Case Presentation: A 30 year old woman with a history of alcoholic cirrhosis, episodes of alcoholic hepatitis and pancreatitis, was transferred to a tertiary care hospital from a community hospital for a liver transplant evaluation. On admission, she had a MELD score of 33. The patient was not a candidate for liver transplant due to active alcohol use, and was started on prednisolone for her alcoholic hepatitis as her MDF was 108. On day 4 of her hospitalization, she began to experience pain in her right middle finger out of proportion to exam findings. On day 10, she was noted to have blisters on the PIP of the right middle finger, for which plastic surgery was consulted, and the patient was started on Bactrim for presumed cellulitis. Wound cultures grew Enterococcus faecium, so was transitioned to IV vancomycin. She then developed bogginess in her right middle finger with uptrending leukocytosis. On hospital day 18, the patient developed a new lesion on her left forearm, described as a subcutaneous nodule with an overlying necrotic eschar. Additionally, the erosions on the patient’s right middle finger had scabbed over into black eschars as well. Pathology from biopsy completed on hospital day 19 showed filamentous fungus, consistent with Rhizopus species. She was diagnosed with Mucormycosis, started on liposomal amphotericin B. CT scan of the patient’s chest showed concern for pulmonary dissemination of her disease. Her right middle finger was amputated on hospital day 22 and she had repeated debridement of her lesions with plastic surgery. Despite aggressive medical management, the patient developed deteriorating kidney function and worsening mental status. She was transitioned to comfort care on hospital day 31 and expired shortly after.
Discussion: Mucormycosis is a rare opportunistic nosocomial infection in hospitalized patients, with manifestations including rhino-orbital, pulmonary, GI, cutaneous and disseminated disease. Cutaneous mucormycosis has been described in several case reports of patients with severe alcoholic hepatitis and cirrhosis.
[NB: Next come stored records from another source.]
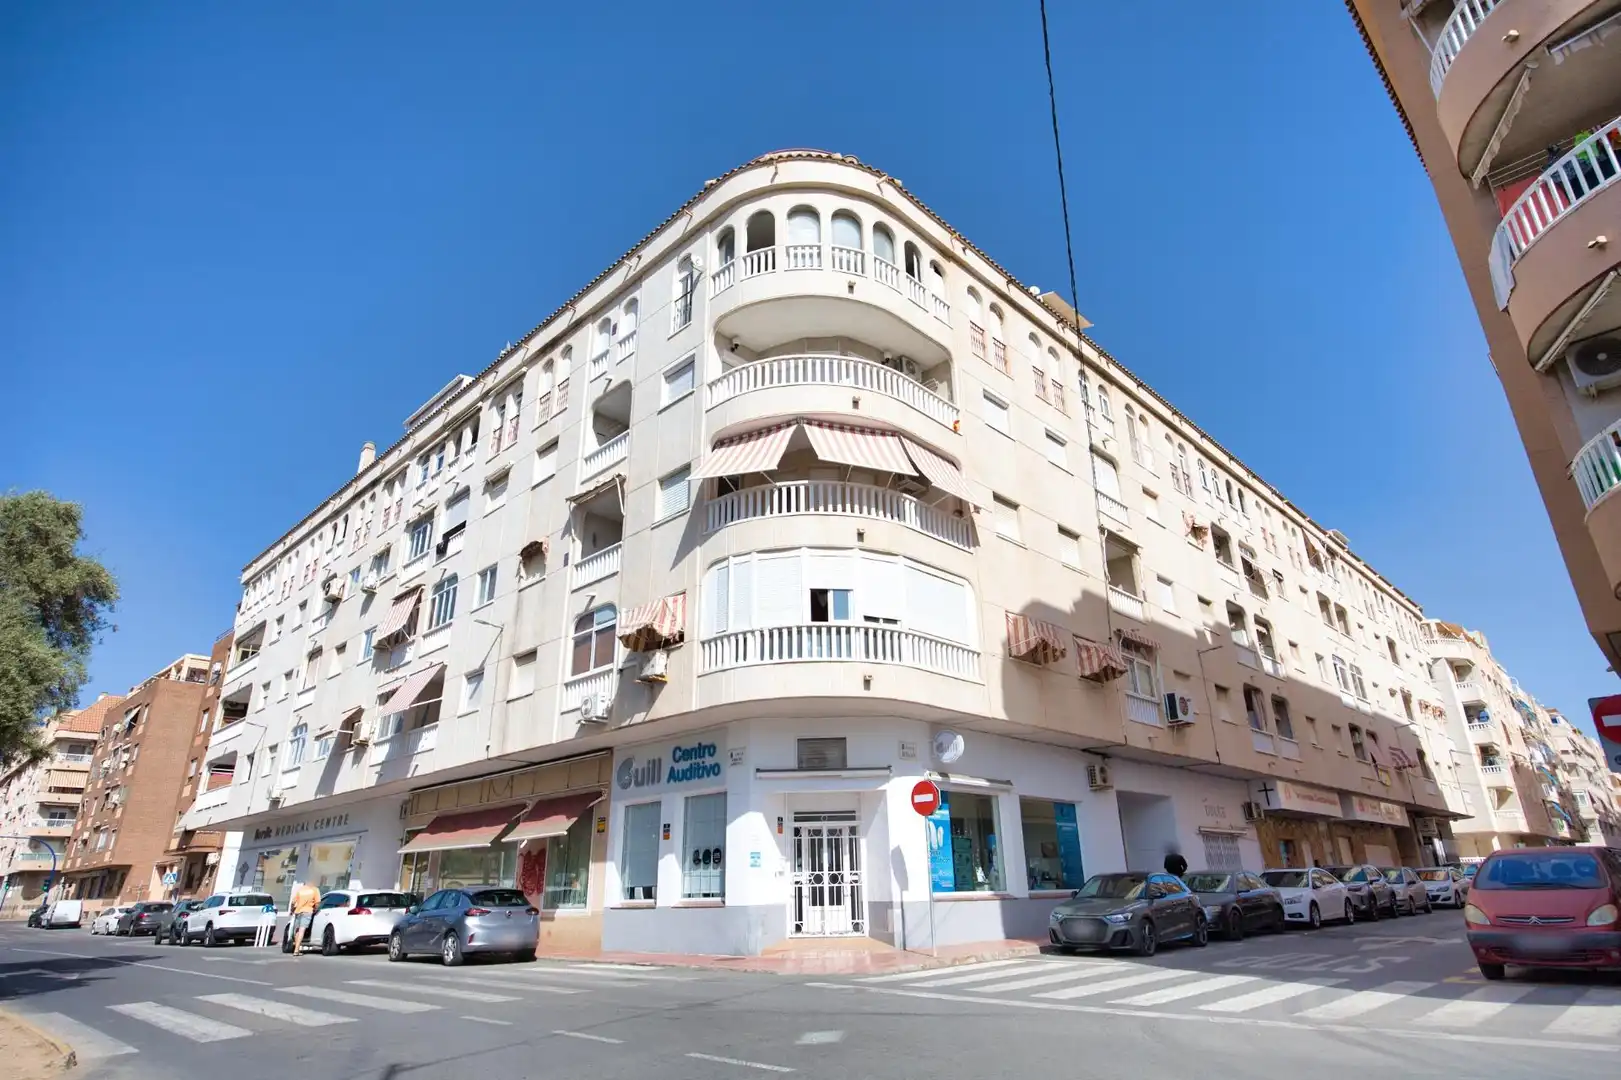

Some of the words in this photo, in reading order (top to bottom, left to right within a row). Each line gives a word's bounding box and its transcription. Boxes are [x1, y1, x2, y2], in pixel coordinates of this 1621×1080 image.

[672, 742, 717, 763] Centro
[667, 761, 721, 784] Auditivo
[275, 821, 309, 837] MEDICAL
[313, 813, 349, 830] CENTRE
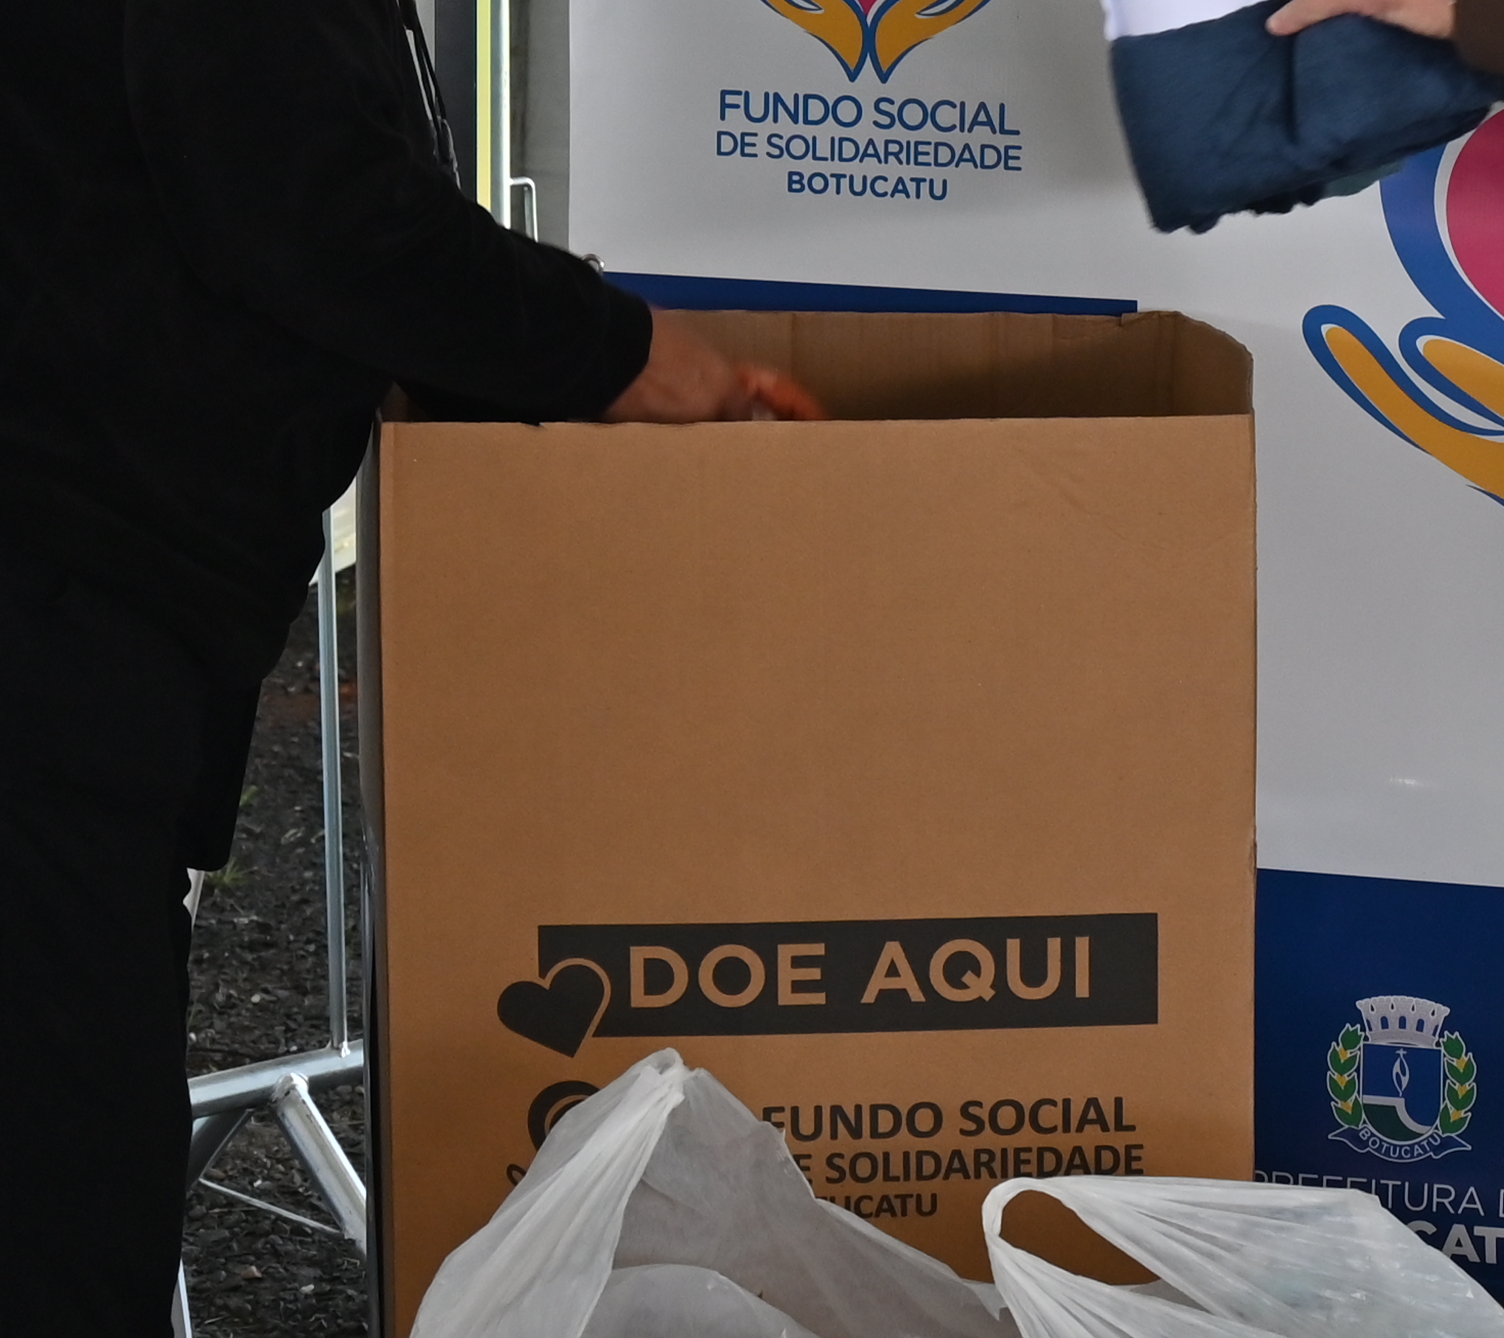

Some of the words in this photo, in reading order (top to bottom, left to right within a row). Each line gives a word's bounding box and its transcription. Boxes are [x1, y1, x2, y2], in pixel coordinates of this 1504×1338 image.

[718, 88, 864, 129] FUNDO
[872, 96, 1021, 136] SOCIAL
[716, 130, 759, 158] DE
[765, 132, 1023, 172] SOLIDARIEDADE
[787, 169, 948, 201] BOTUCATU
[628, 941, 827, 1010] DOE
[860, 935, 1091, 1004] AQUI
[958, 1096, 1137, 1138] SOCIAL
[793, 1152, 813, 1185] E
[824, 1143, 1145, 1185] SOLIDARIEDADE
[1358, 1126, 1442, 1160] BOTUCATU
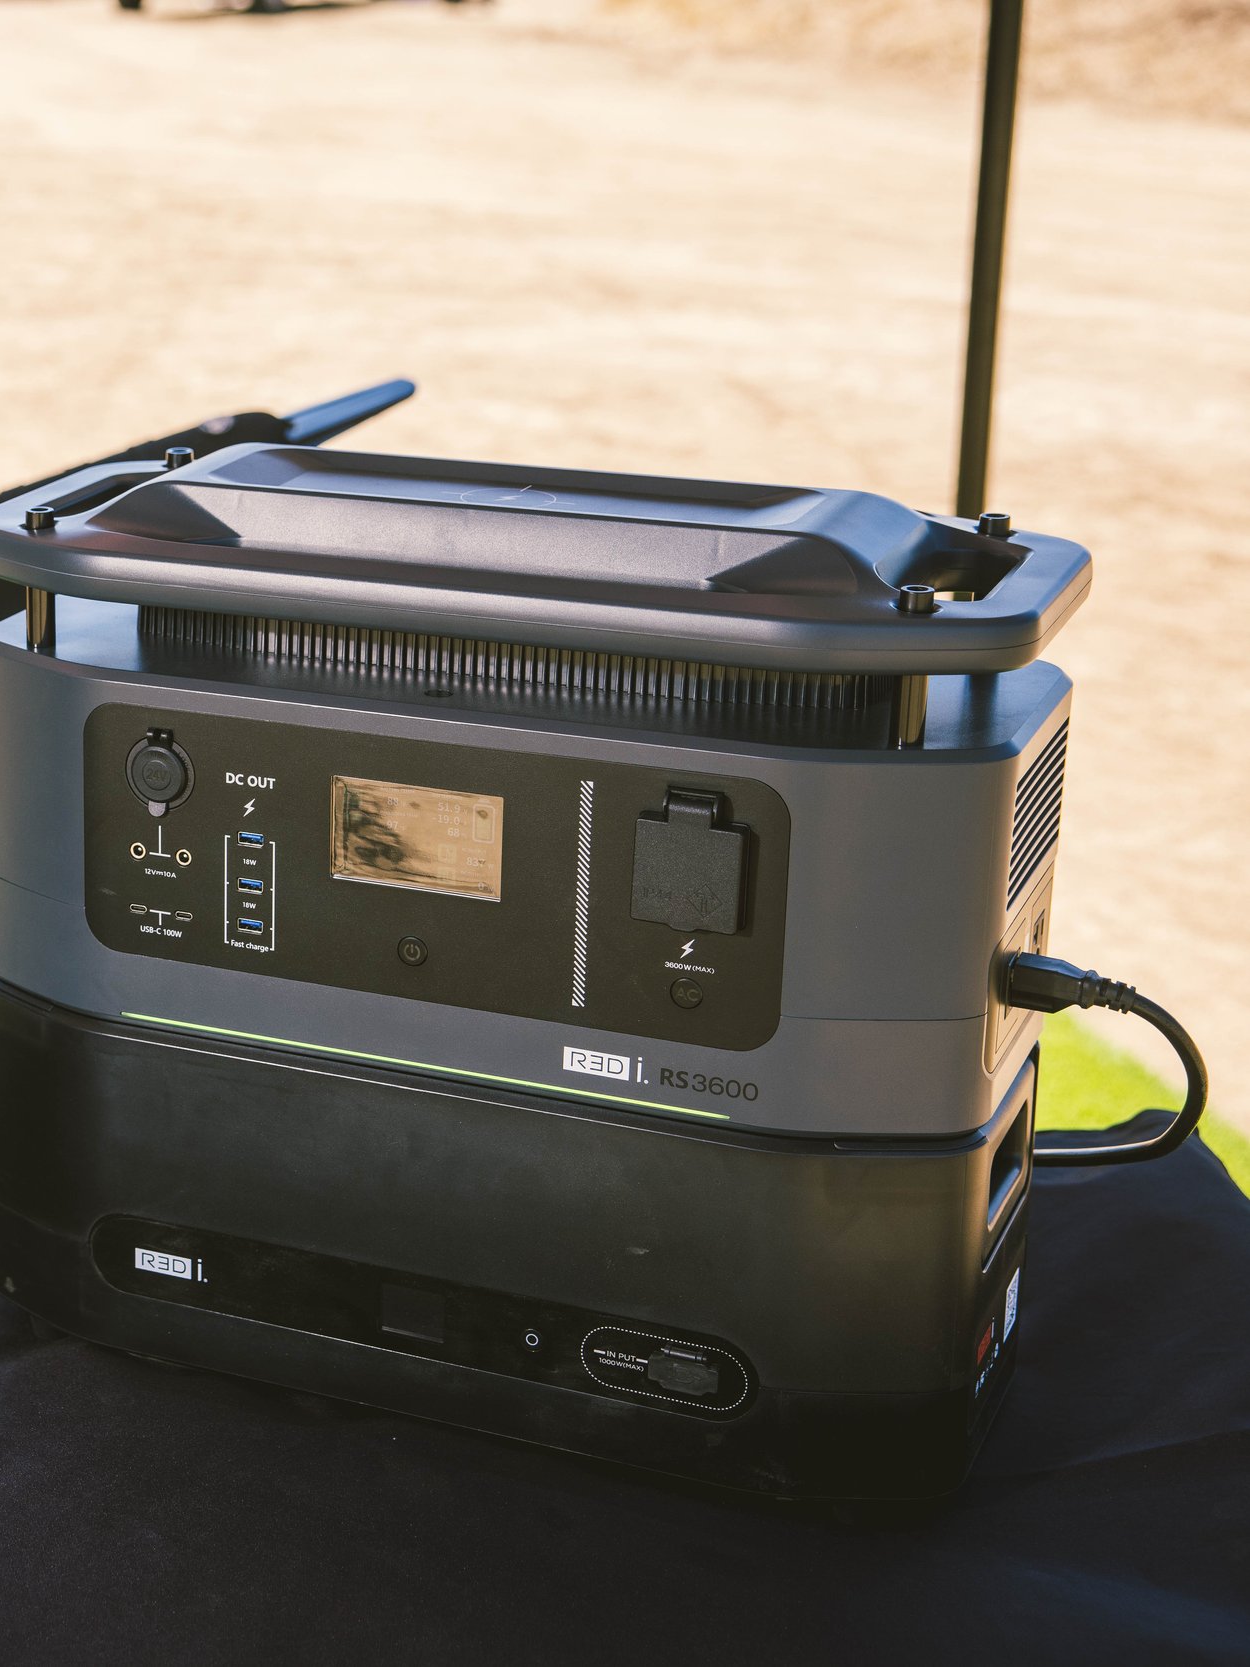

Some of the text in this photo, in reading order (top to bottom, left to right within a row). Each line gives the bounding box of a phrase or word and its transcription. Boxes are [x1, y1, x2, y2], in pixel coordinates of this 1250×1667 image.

Initiation of corticosteroids in patients with severe alcoholic hepatitis is not associated with increased rates of bacterial infections, but steroid use is associated with increased incidence of opportunistic fungal infections like Mucormycosis. Several studies report that rates of mucormycosis are rising among hospitalized patients as usage of immunosuppressive therapy increases. Cutaneous mucormycosis can occur in hospital settings due to direct inoculation via IV punctures, contaminated wound dressings, and areas of skin breakdown. Making the diagnosis of cutaneous mucormycosis can be difficult, as histopathological specimens are required for identification of Rhizopus species. However, early diagnosis and treatment with aggressive debridement as well as liposomal amphotericin B are necessary to reduce mortality in these patients.
Conclusions: In cases of cutaneous infections refractory to broad spectrum antibiotics, Mucormycosis should be considered. If index of suspicion for Mucormycosis is high, hospitalists should be encouraged to seek consults to obtain skin biopsy for tissue diagnosis to facilitate early initiation of antifungal treatment and aggressive debridement.